Records to use START
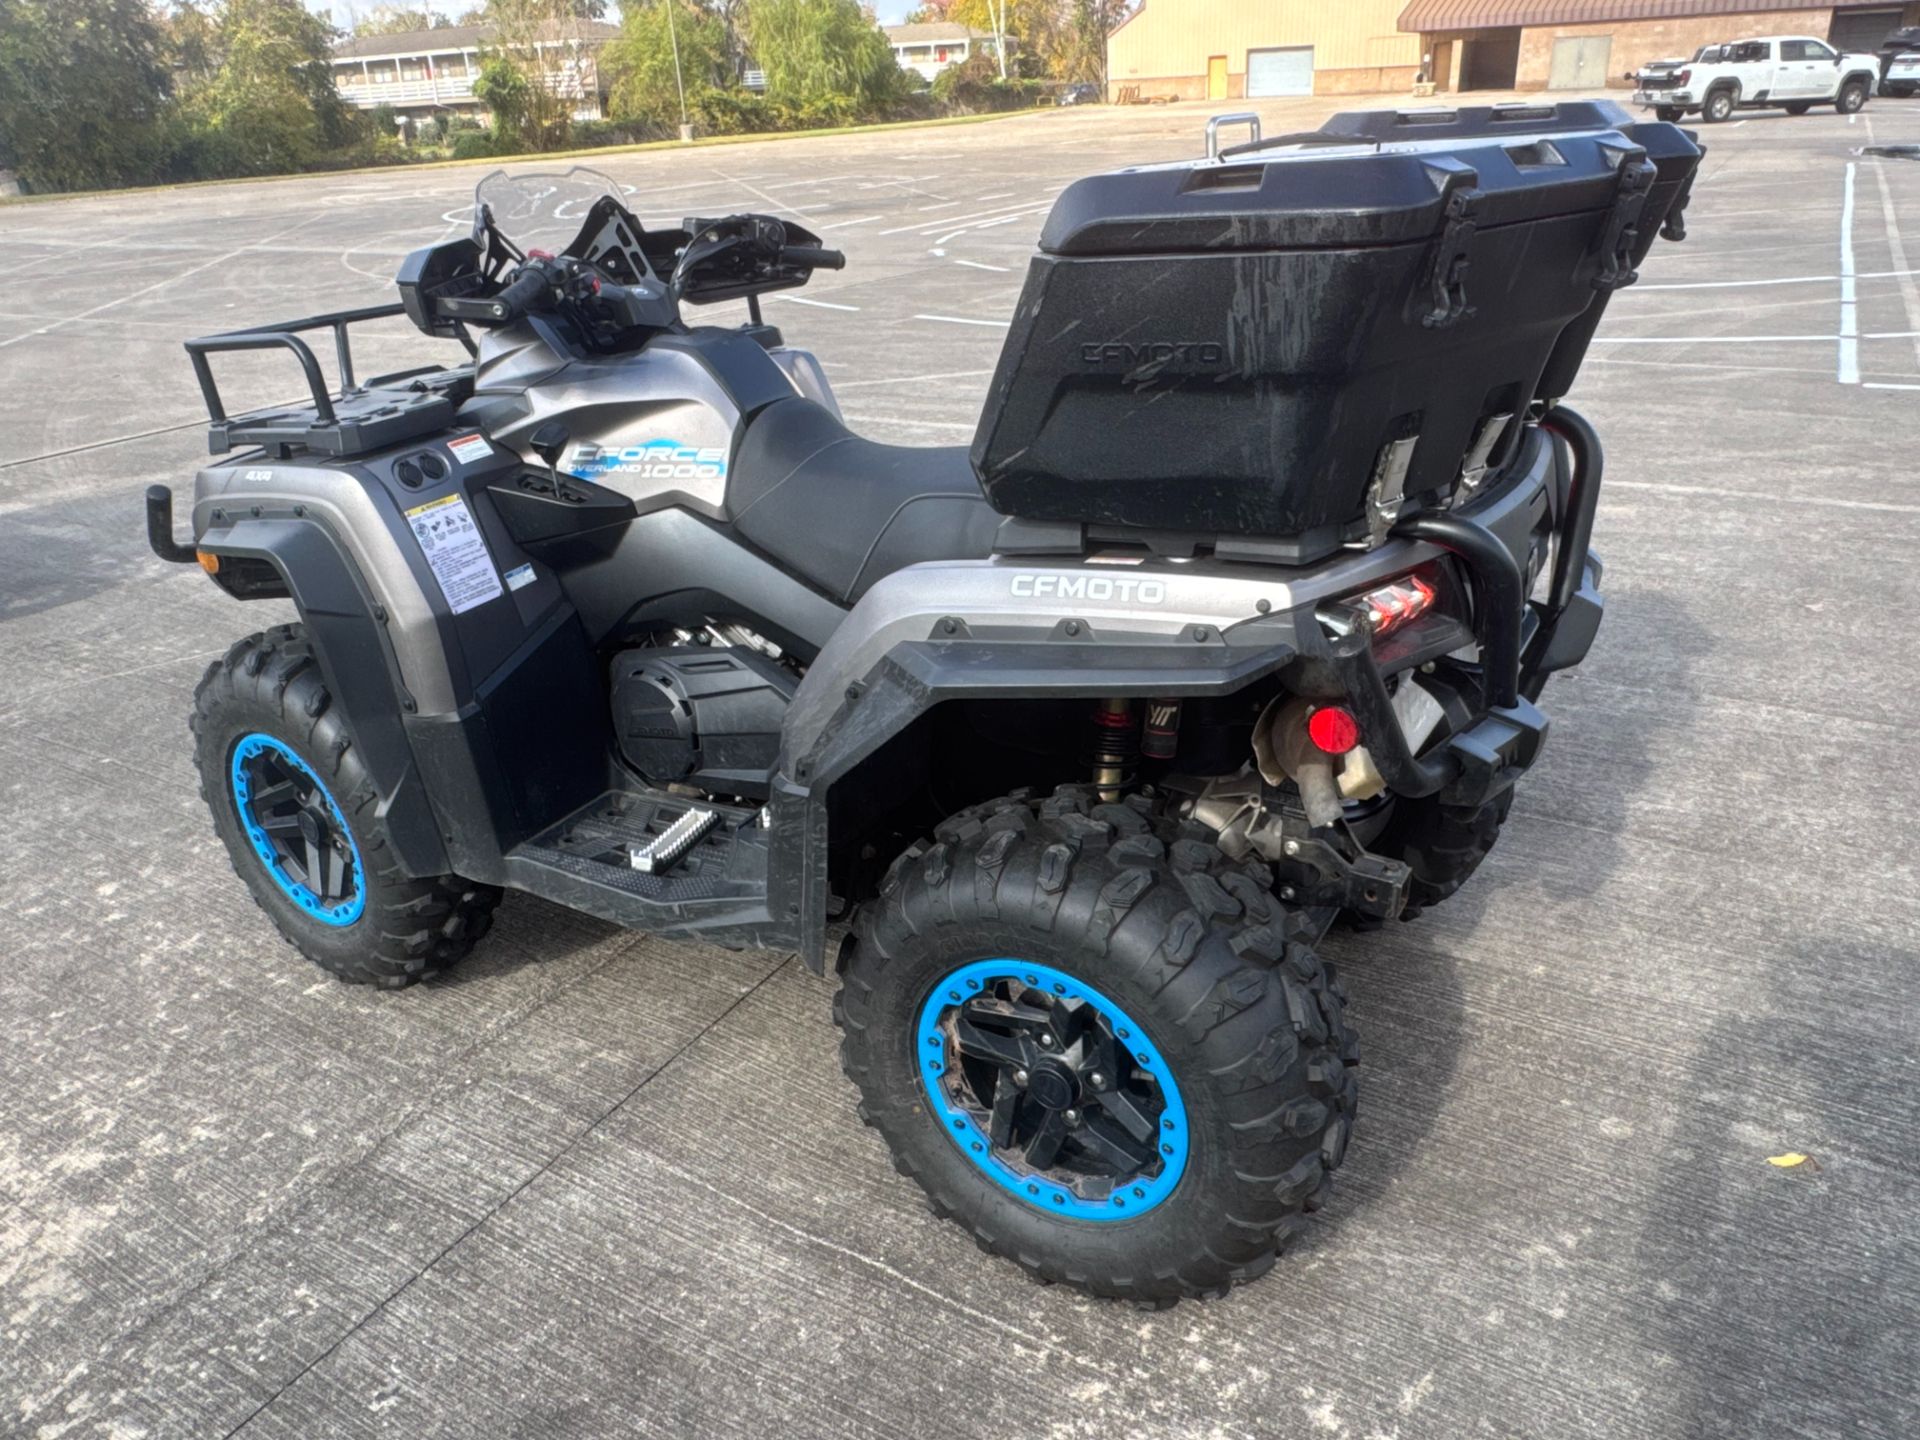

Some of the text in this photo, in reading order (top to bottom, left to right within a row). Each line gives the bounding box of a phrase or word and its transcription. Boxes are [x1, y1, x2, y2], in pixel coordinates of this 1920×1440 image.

[1081, 341, 1222, 363] CFMOTO
[571, 446, 727, 462] CFORCE
[567, 463, 721, 479] OVERLAND 1000
[1010, 574, 1165, 604] CFMOTO
Records to use END
_Problem_. Output the listing above exactly, but leave its pictures behind.

_Exercise response_.
Some of the text in this photo, in reading order (top to bottom, left to right within a row). Each line gives the bounding box of a phrase or word and its transcription. Boxes are [x1, y1, x2, y2], in pixel coordinates of this 1920×1440 image.

[1081, 341, 1222, 363] CFMOTO
[571, 446, 727, 462] CFORCE
[567, 463, 721, 479] OVERLAND 1000
[1010, 574, 1165, 604] CFMOTO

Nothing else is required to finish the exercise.